Red wine, however, contains a treasure trove of beneficial plant substances collectively termed flavonoids. They are potent antioxidants, they have anti-inflammatory properties, and they protect the health of the endothelium, the lining of the arteries.
Many authorities believe that the flavonoids are the reason a diet rich in fruits and vegetables has been associated with a lessened risk of heart disease. Getting back to the red wine, flavonoids come from the skins and seeds included during fermentation. Skins and seeds are removed when making white wine, removing the source of flavonoids.
Flavonoids are also concentrated in grape seeds and grape seed extracts are widely available as dietary supplements, as are grape skin extracts. But should these products be a part of your heart-healthy regimen? Research has been building to indicate that these supplements are, indeed, beneficial.
The May 2005 issue of the American Journal of Clinical Nutrition, for example, contained a report showing how grape seed extract, rich in particular flavonoids called proantho-cyanidins, can protect the heart after periods of oxygen deprivation. The investigators worked with rabbits, simulating the effect of such oxygen deprivation and subsequent flow of blood. That scenario occurs when a person might have angina pains or, more dramatically, a heart attack or bypass surgery. Rabbits given grape seed extract were protected against the damage done by free radicals during that experimental period.
Coincidentally, that same issue of AJCN published a study showing how flavonoid intakes associated with regular tea drinking reduce the risk of heart attack. There's no question that we can all benefit from increasing our intakes of flavonoids on a daily basis.
But not everyone drinks tea; most Americans prefer coffee. Many consume no alcohol at all, or prefer other beverages than red wine.
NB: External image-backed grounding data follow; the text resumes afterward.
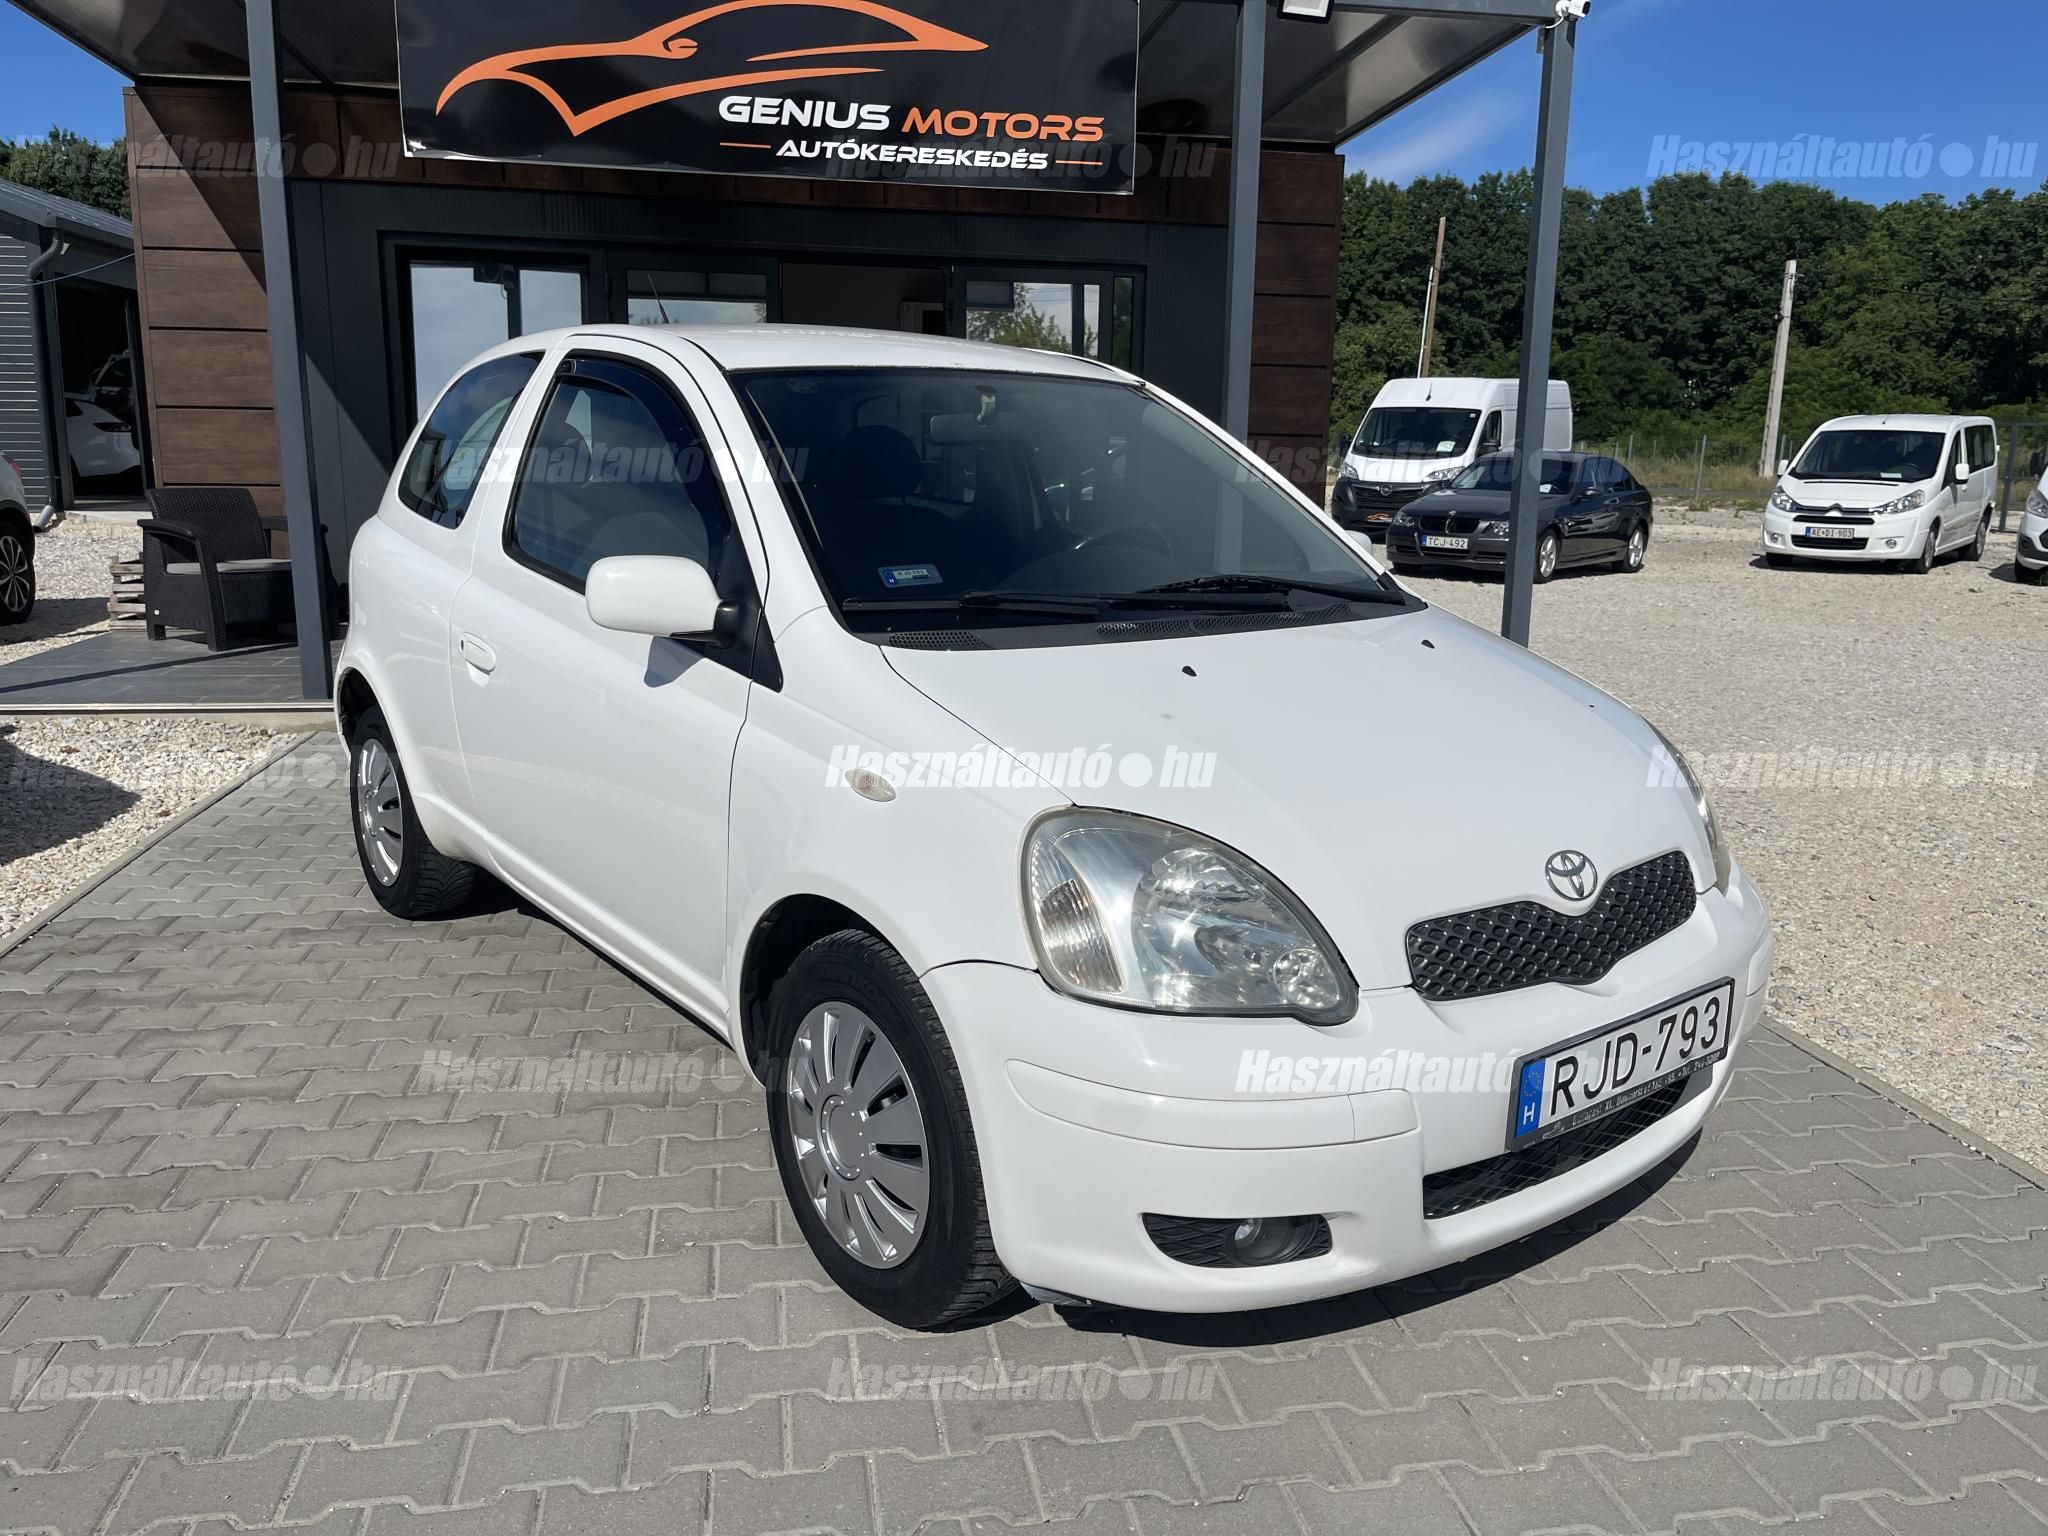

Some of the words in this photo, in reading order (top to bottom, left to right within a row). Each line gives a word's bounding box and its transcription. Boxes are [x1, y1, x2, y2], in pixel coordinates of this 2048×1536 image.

[718, 95, 892, 131] GENIUS
[901, 106, 1105, 142] MOTORS
[775, 138, 1049, 170] AUTÓKERESKEDÉS
[1428, 537, 1466, 548] TCJ-492
[1522, 1102, 1535, 1126] H
[1550, 996, 1721, 1117] RJD-793
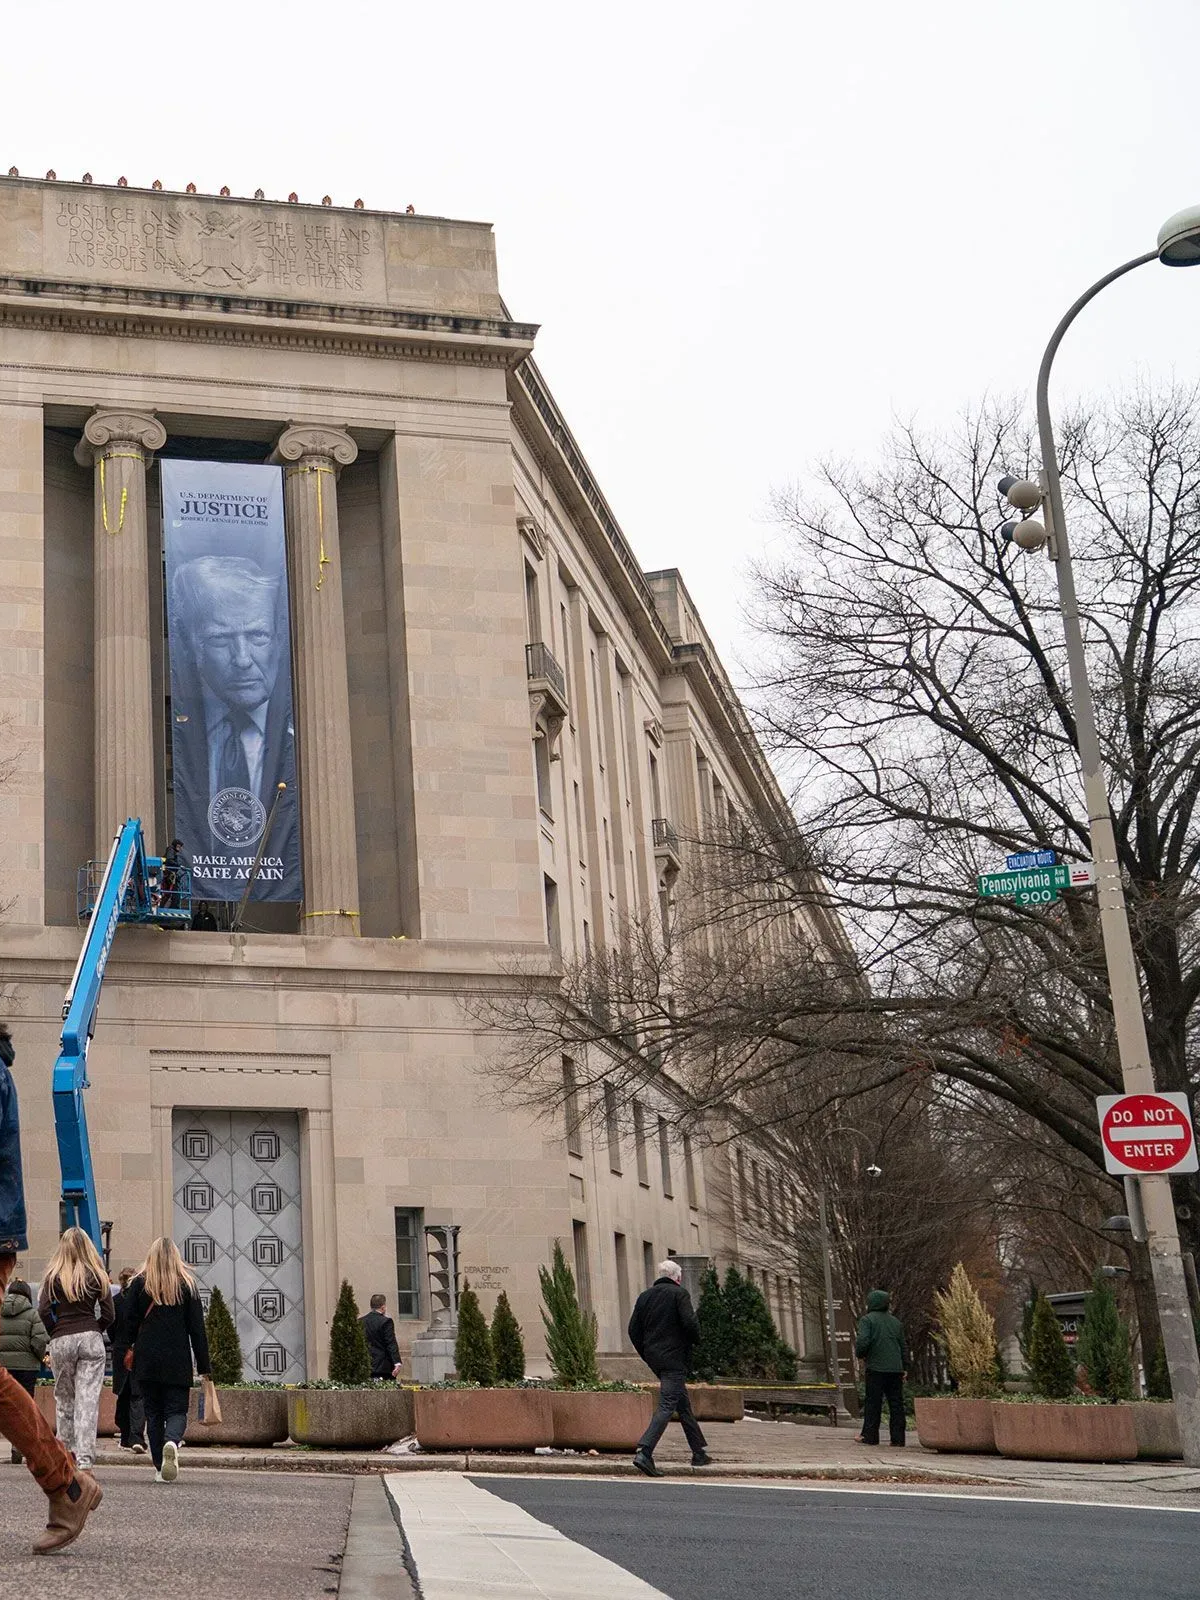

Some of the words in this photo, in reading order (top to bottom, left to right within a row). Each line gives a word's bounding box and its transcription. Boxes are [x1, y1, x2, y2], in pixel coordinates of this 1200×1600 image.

Four tablets of grape seed extract (200 mg) provide the equivalent of one four-ounce glass of red wine.
You may remember the ORAC method of measuring antioxidant potency of various foods I reported on previously. ORAC stands for Oxygen Radical Absorbance Capacity. Foods high on the list include raisins and blueberries. And grape seed extract levels absolutely soar.
Moreover, the proanthocyanidins of grape seed extract work with vitamins C and E to maintain a higher level of those antioxidants in the blood over time.
Certainly the foundation of a heart-healthy diet and life-style rests on a high consumption of fruits and vegetables. Red wine, grape juice and tea provide additional protective flavonoids. Grape seed extract tablets can substantially supplement total intake.
I've gotten a number of letters asking about grape seed extracts. The bottom line is that I believe they can play an important role in protecting our hearts.